- Working data -
- - - - -
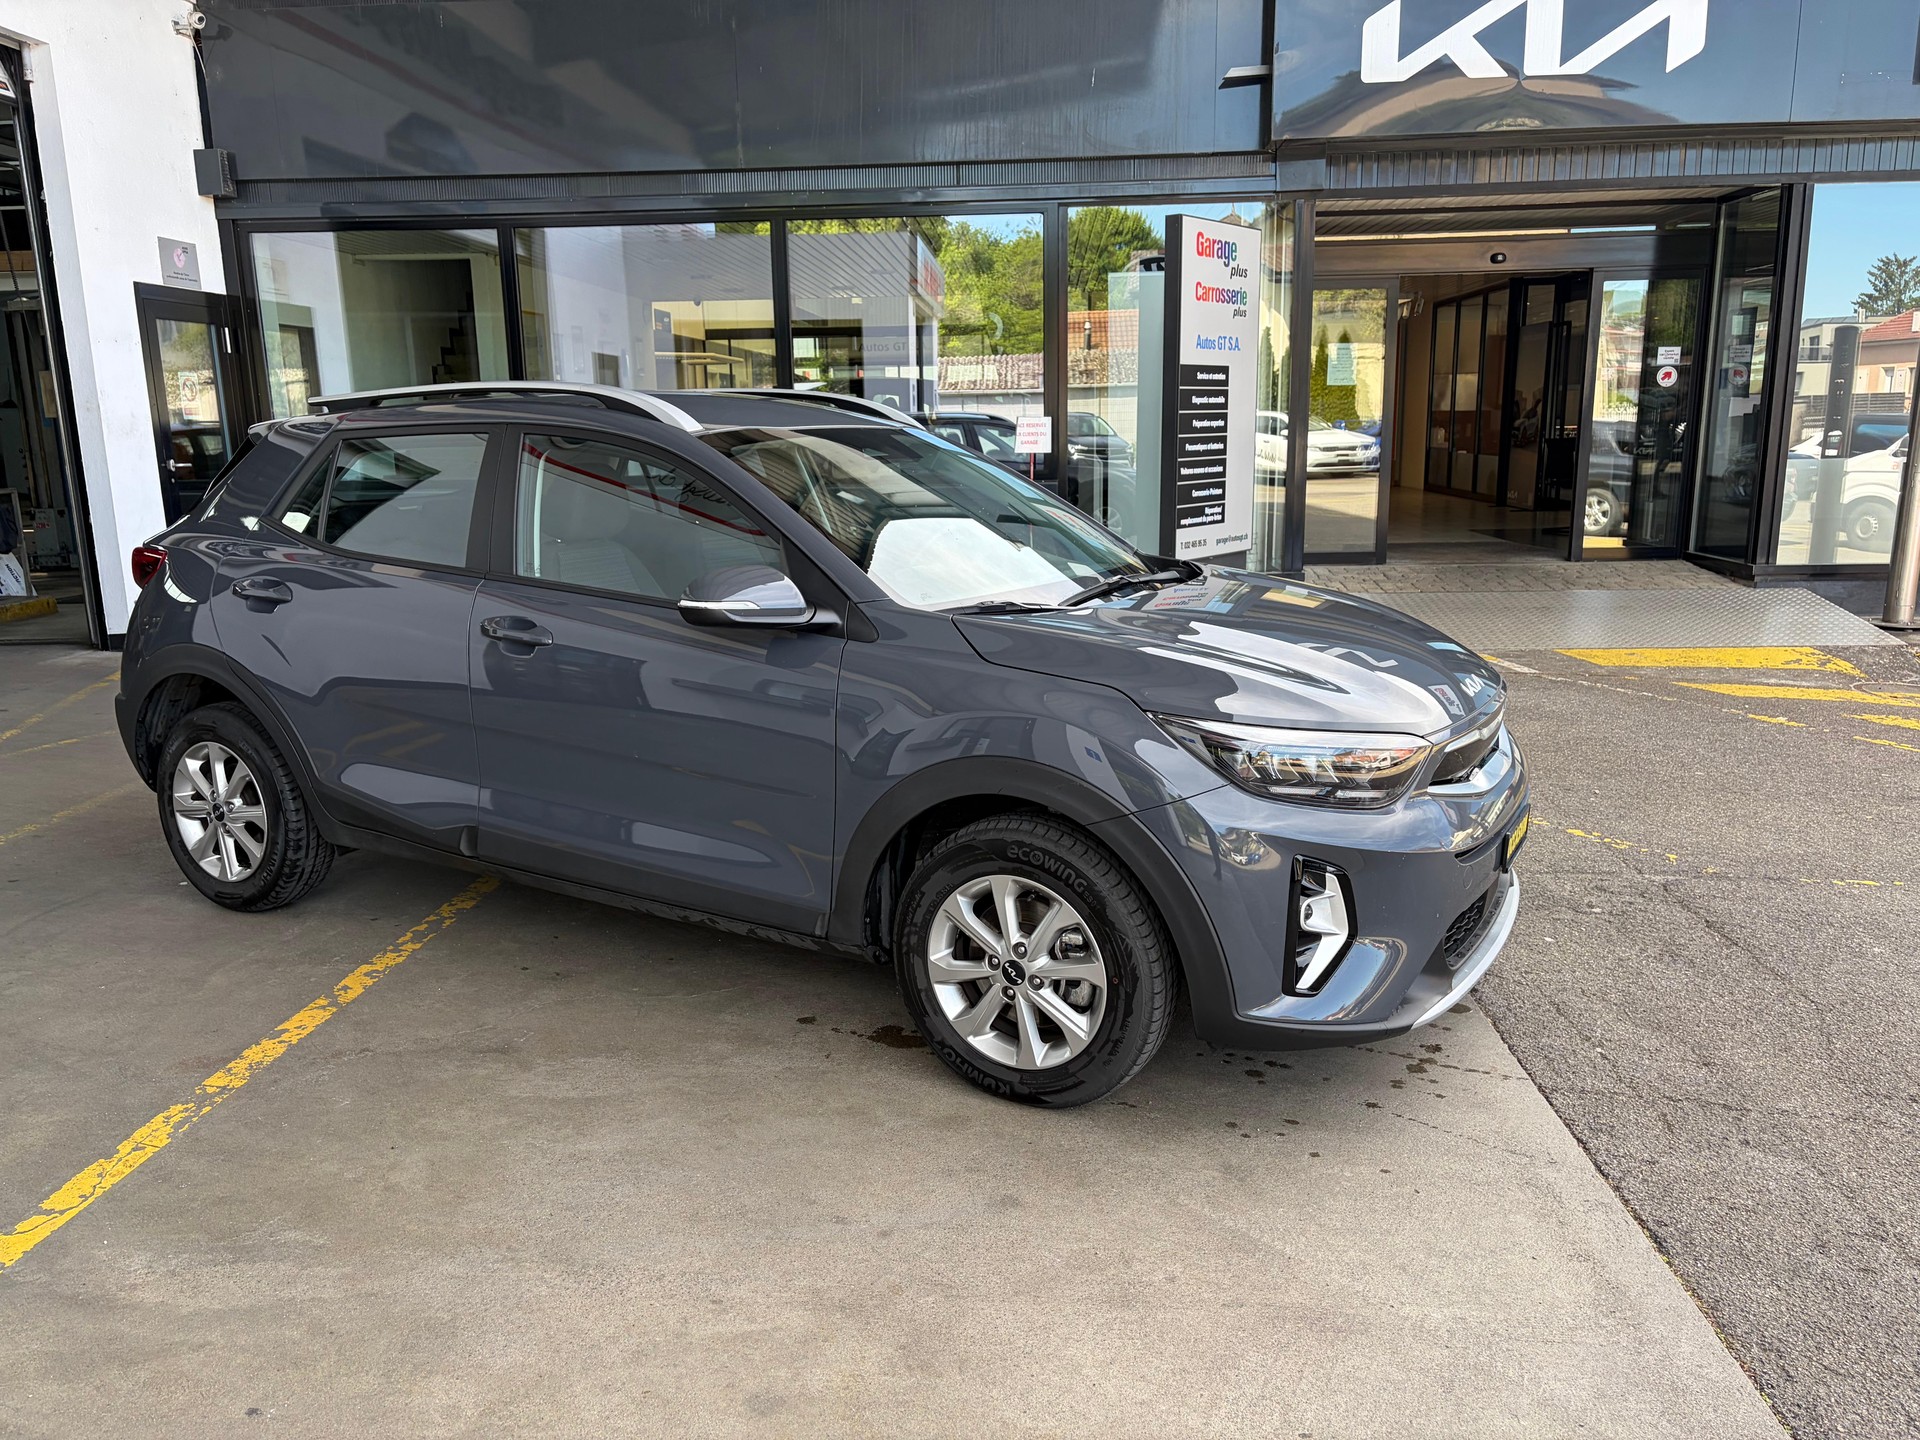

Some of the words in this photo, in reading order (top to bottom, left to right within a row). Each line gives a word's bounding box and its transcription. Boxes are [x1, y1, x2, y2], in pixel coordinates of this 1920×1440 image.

[1196, 231, 1237, 268] Garage
[1230, 264, 1248, 279] plus
[1195, 281, 1248, 306] Carrosserie
[1233, 306, 1247, 319] plus
[859, 342, 889, 352] Autos
[893, 342, 907, 351] GT
[1196, 334, 1216, 350] Autos
[1217, 336, 1228, 351] GT
[942, 1047, 1011, 1097] KUMHO
- - - - -
When pictures appear among the entries, skip them and copy all remaining text precisely.

- Answer to this exercise -
Some of the words in this photo, in reading order (top to bottom, left to right within a row). Each line gives a word's bounding box and its transcription. Boxes are [x1, y1, x2, y2], in pixel coordinates of this 1920×1440 image.

[1196, 231, 1237, 268] Garage
[1230, 264, 1248, 279] plus
[1195, 281, 1248, 306] Carrosserie
[1233, 306, 1247, 319] plus
[859, 342, 889, 352] Autos
[893, 342, 907, 351] GT
[1196, 334, 1216, 350] Autos
[1217, 336, 1228, 351] GT
[942, 1047, 1011, 1097] KUMHO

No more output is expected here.